:: Data provided ::
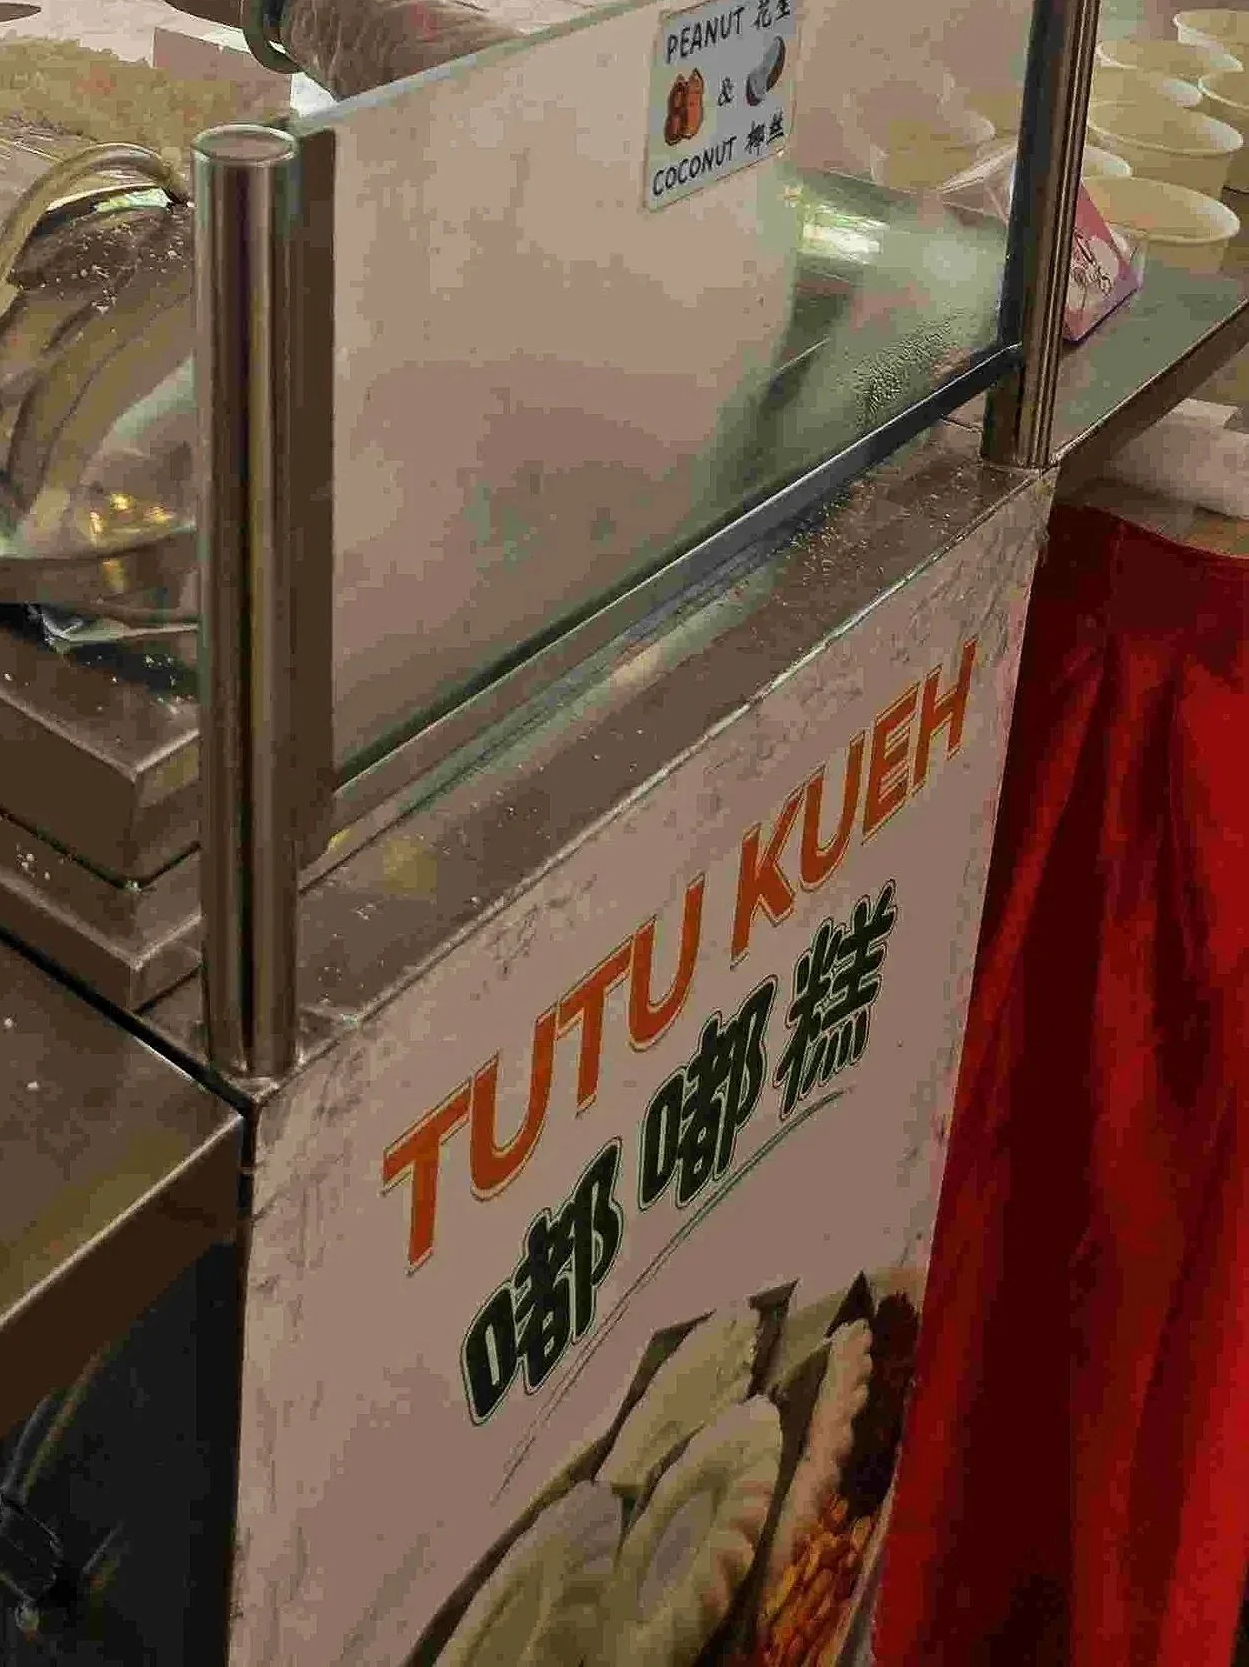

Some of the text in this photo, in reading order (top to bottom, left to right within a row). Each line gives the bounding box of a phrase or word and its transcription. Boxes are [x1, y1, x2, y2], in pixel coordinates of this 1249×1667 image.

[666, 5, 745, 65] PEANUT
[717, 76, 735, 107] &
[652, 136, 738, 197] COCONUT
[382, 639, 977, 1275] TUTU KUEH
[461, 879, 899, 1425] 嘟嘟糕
:::
◆ Exercise instructions: Your answer is an exact copy of the records above, stripped of pictures.

◆ Your solution:
Some of the text in this photo, in reading order (top to bottom, left to right within a row). Each line gives the bounding box of a phrase or word and its transcription. Boxes are [x1, y1, x2, y2], in pixel coordinates of this 1249×1667 image.

[666, 5, 745, 65] PEANUT
[717, 76, 735, 107] &
[652, 136, 738, 197] COCONUT
[382, 639, 977, 1275] TUTU KUEH
[461, 879, 899, 1425] 嘟嘟糕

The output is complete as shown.